É 21 de setembro de 1953. Todos foram levados algemados ao tribunal. O ruído metálico que assustou o público havia sido produzido pelas correntes cromadas que prendiam mais de cem pulsos. Fidel fez uma pausa para tentar falar com o Tribunal e os guardas, em atitude de luta, empunharam as armas. Havia 200 deles dentro do Salão Plenário - uma sala retangular de 15 metros de comprimento por sete de largura - e muitos mais fora. No total, seriam 600 militares ocupando o bloco onde está localizado o Palácio da Justiça em Santiago de Cuba.

Fidel chamou a atenção ao bater as algemas que seguravam suas mãos presas. Em seguida, ele estendeu os braços e, apontando com eles para o enorme grupo de jovens que havia entrado no local minutos antes dele, pediu para falar:

– Queira fazer o favor... - começou a dizer quando, com as coronhas dos fuzis, seus guardas tocaram imperativamente o solo, justamente no local onde o acusado deveria permanecer parado, até que o Tribunal indicasse qual seria sua posição.
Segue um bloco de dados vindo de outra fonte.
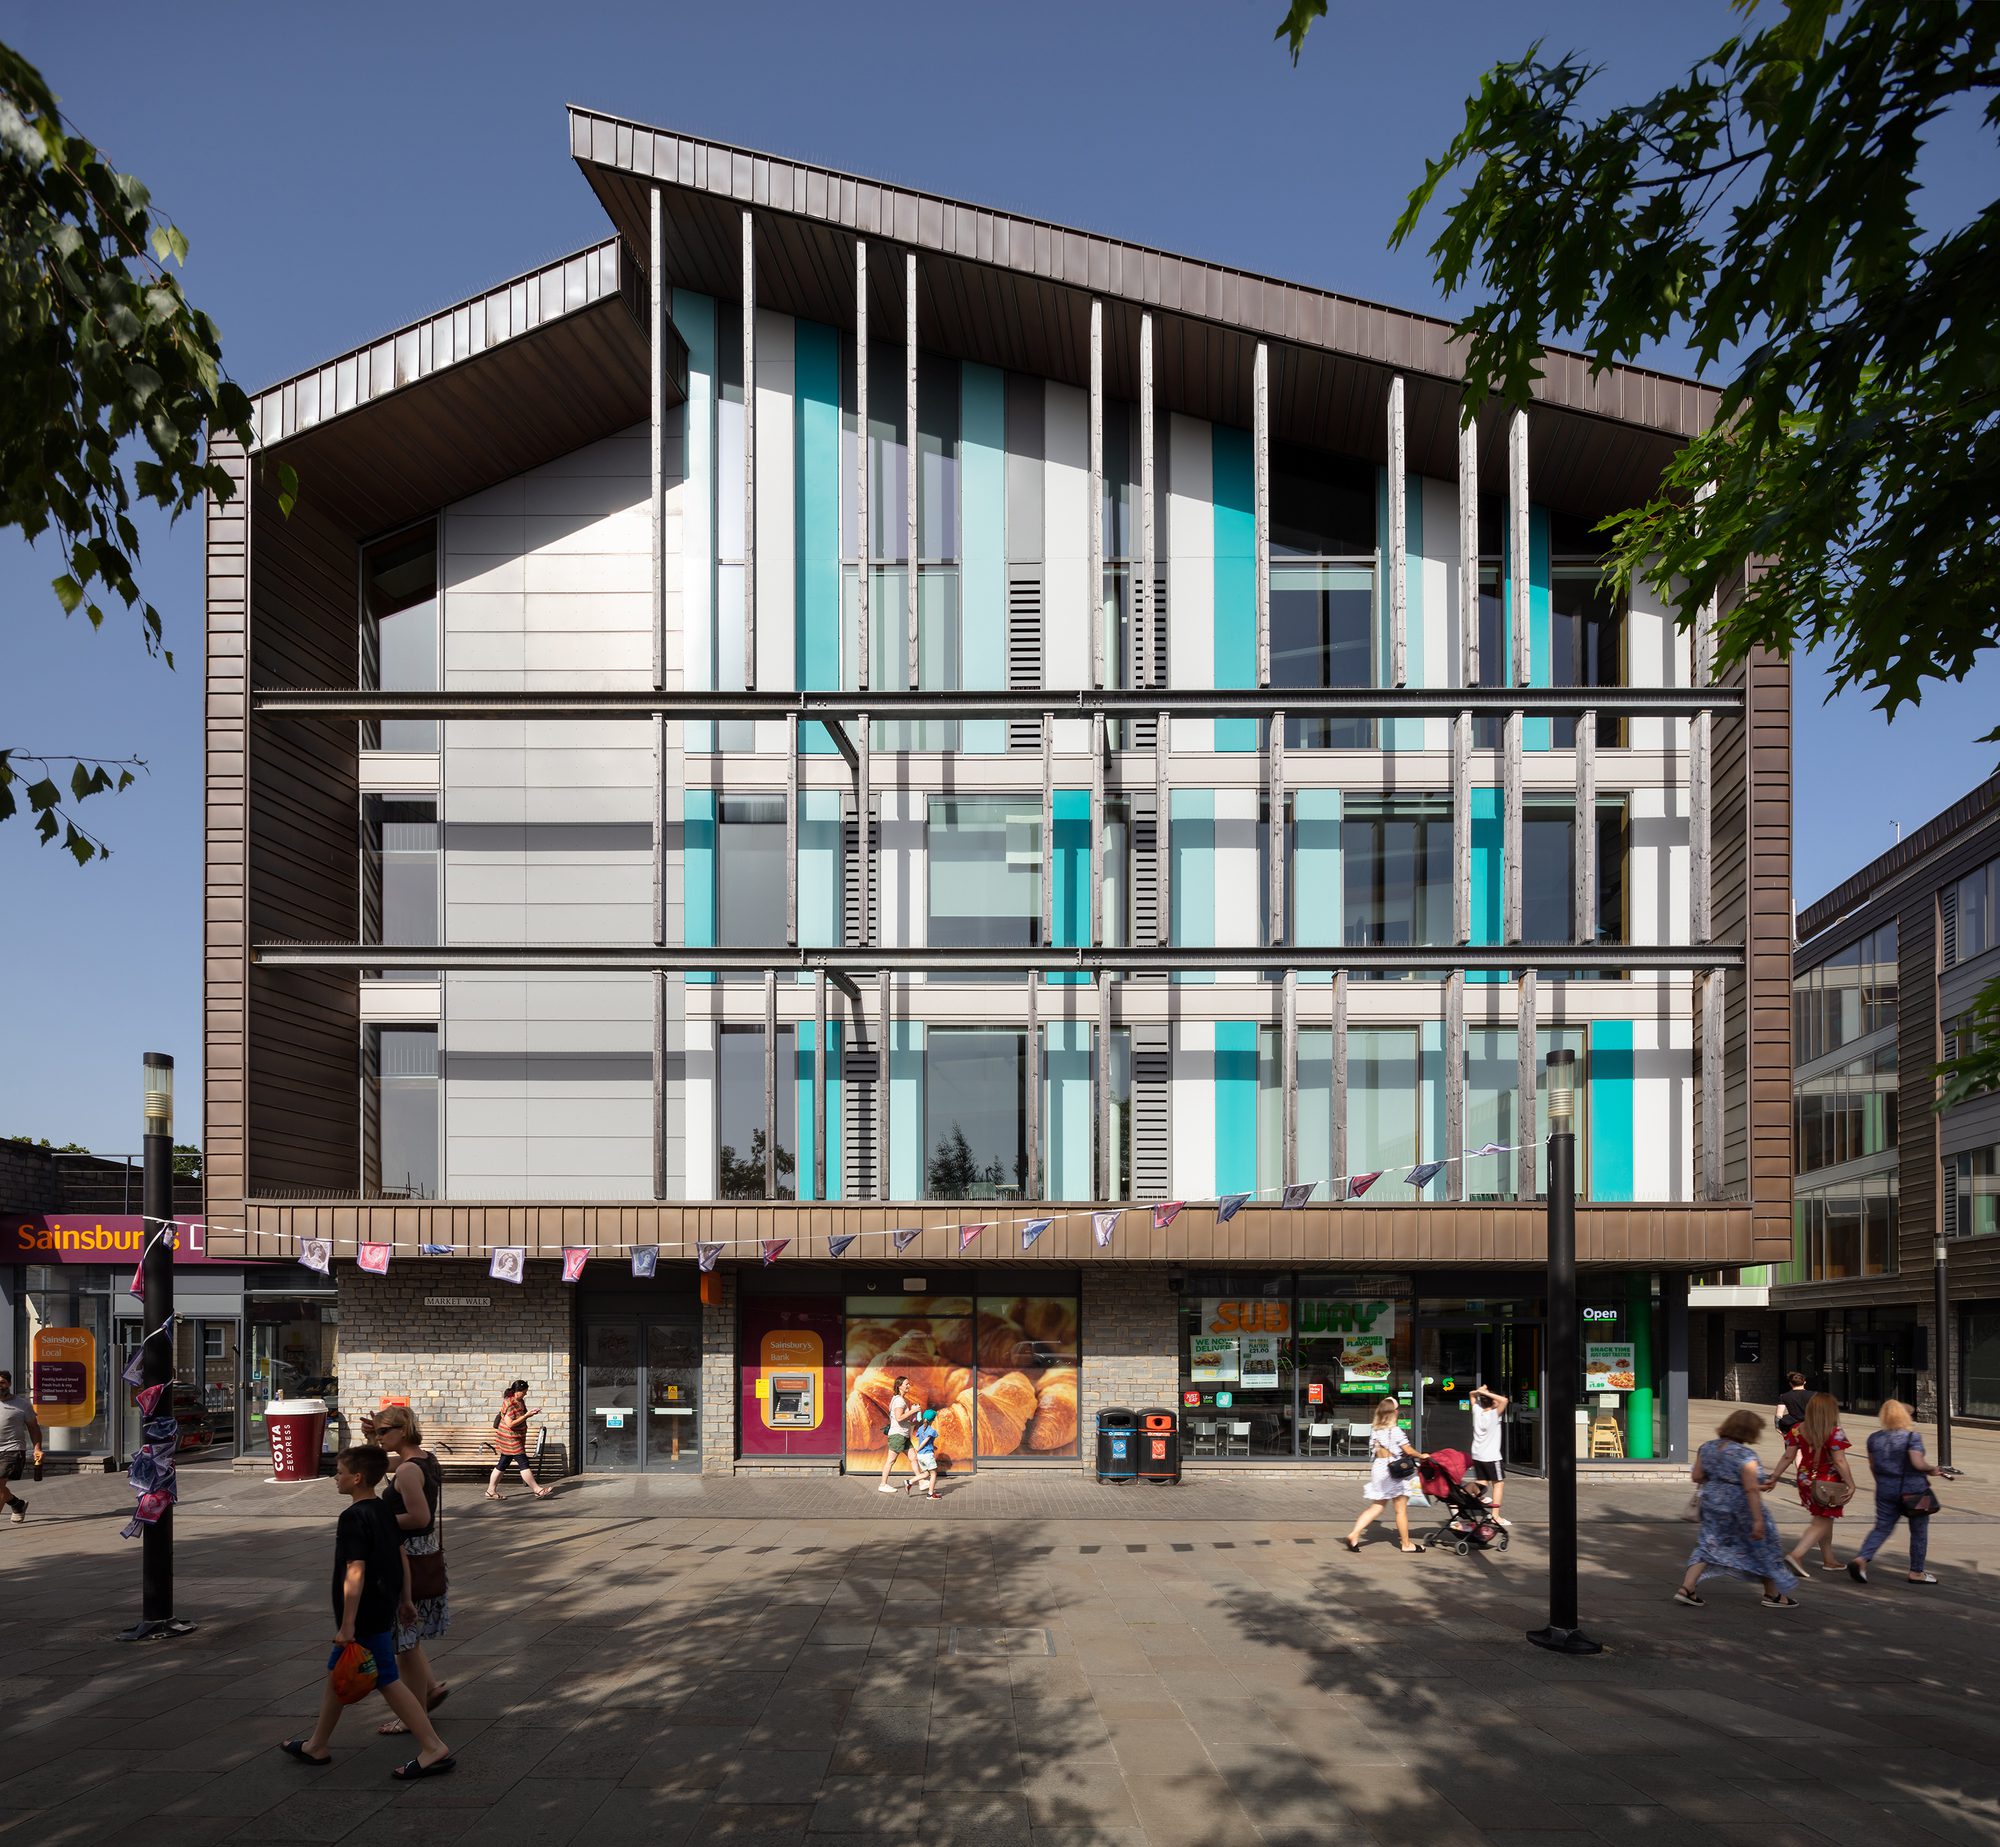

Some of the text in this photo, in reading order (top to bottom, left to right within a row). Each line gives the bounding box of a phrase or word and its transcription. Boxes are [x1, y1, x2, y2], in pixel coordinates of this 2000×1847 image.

Naquele momento, ouvi novamente a voz limpa e firme de Fidel, sacudindo a todos.

– Senhor Presidente, juízes, gostaria de chamar a atenção para este fato inusitado! Que garantias pode haver neste julgamento? Nem mesmo os piores criminosos são mantidos em uma sala que finge ser a Justiça nessas condições. Não se pode julgar ninguém assim, algemado, diga-se, embora...

Toques repetidos o interromperam.

Ele voltou o rosto para o banco ocupado pelos magistrados. Por alguns minutos houve silêncio total, os guardas apontando desafiadoramente suas armas para os mais de cem acusados.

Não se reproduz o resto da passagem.